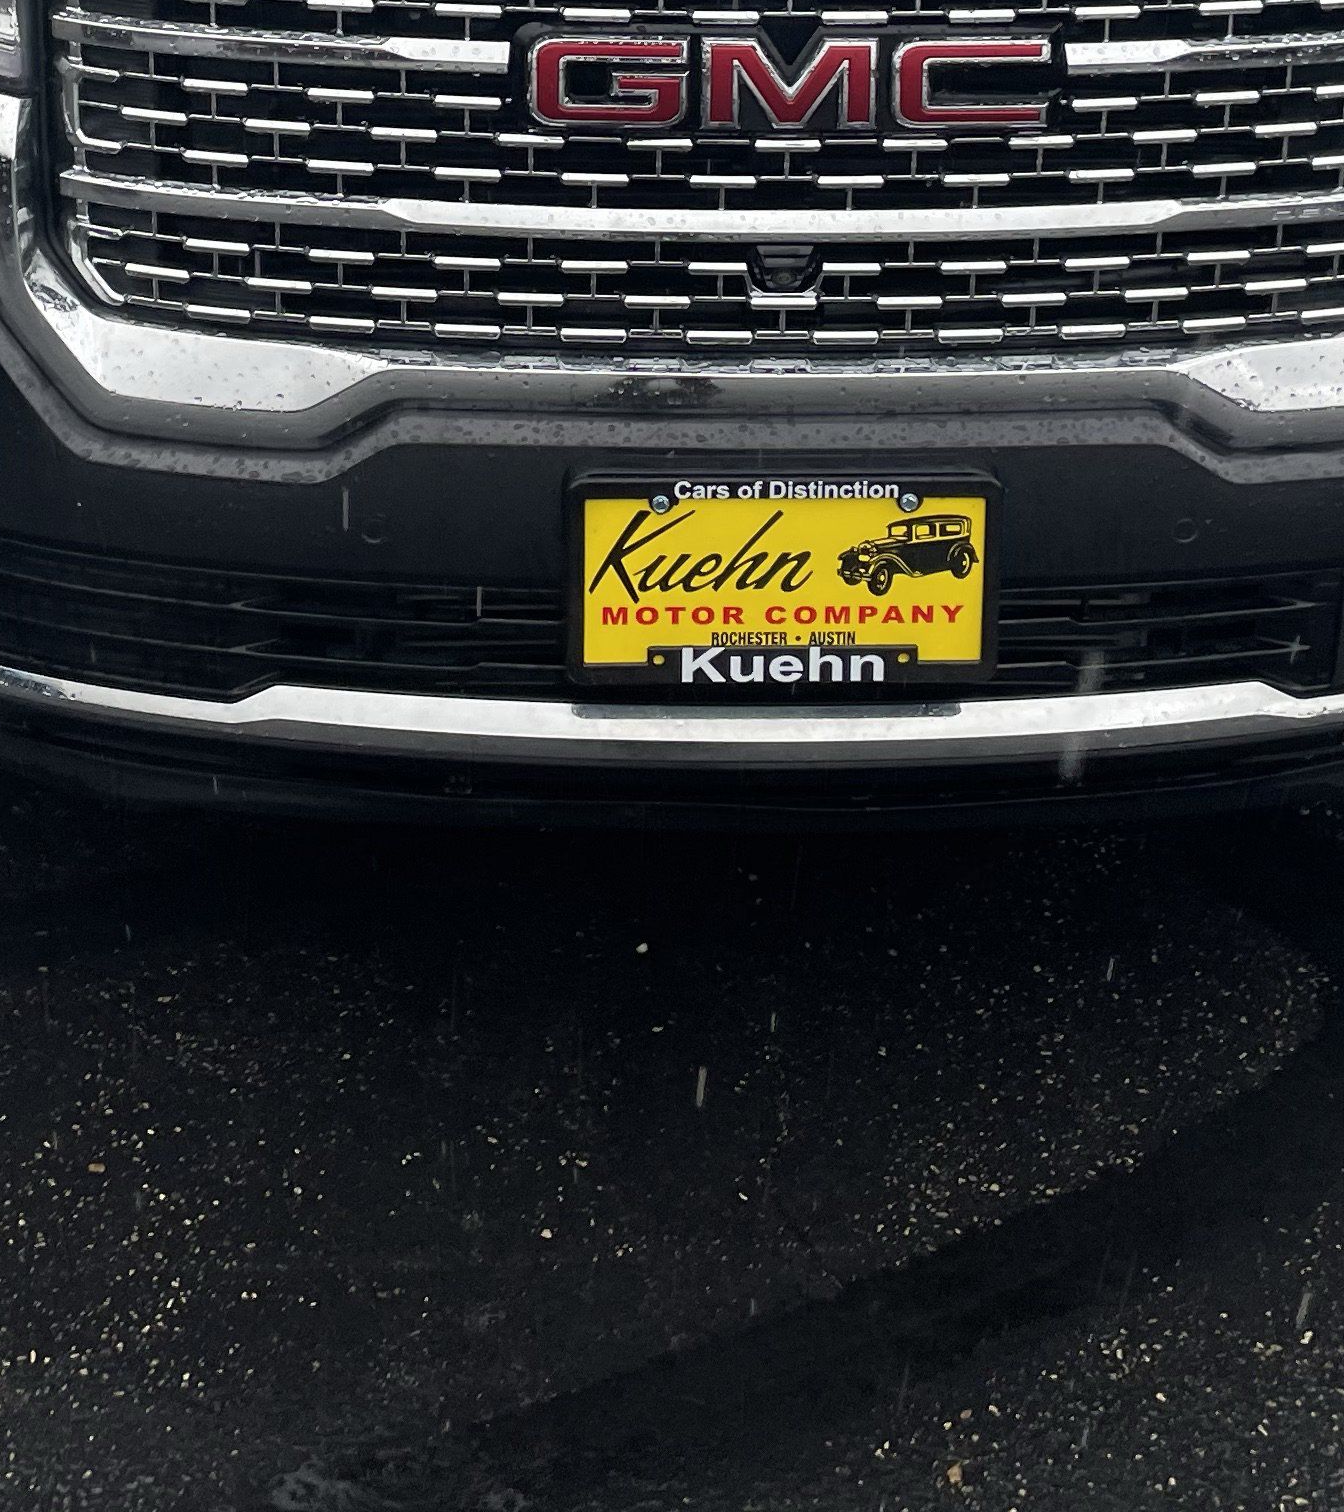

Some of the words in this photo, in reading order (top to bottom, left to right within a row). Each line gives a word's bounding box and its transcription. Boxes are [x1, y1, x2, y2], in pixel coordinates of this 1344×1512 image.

[528, 35, 1053, 130] GMC
[673, 481, 731, 500] Cars
[737, 480, 762, 499] of
[769, 480, 899, 499] Distinction
[589, 509, 814, 604] Kuehn
[601, 606, 744, 625] MOTOR
[765, 605, 965, 624] COMPANY
[710, 631, 788, 646] ROCHESTER
[808, 631, 856, 645] AUSTIN
[680, 647, 885, 683] Kuehn
--------------------------------------------------
Return every entry word for word, leaving the pictures out.

Some of the words in this photo, in reading order (top to bottom, left to right within a row). Each line gives a word's bounding box and its transcription. Boxes are [x1, y1, x2, y2], in pixel coordinates of this 1344×1512 image.

[528, 35, 1053, 130] GMC
[673, 481, 731, 500] Cars
[737, 480, 762, 499] of
[769, 480, 899, 499] Distinction
[589, 509, 814, 604] Kuehn
[601, 606, 744, 625] MOTOR
[765, 605, 965, 624] COMPANY
[710, 631, 788, 646] ROCHESTER
[808, 631, 856, 645] AUSTIN
[680, 647, 885, 683] Kuehn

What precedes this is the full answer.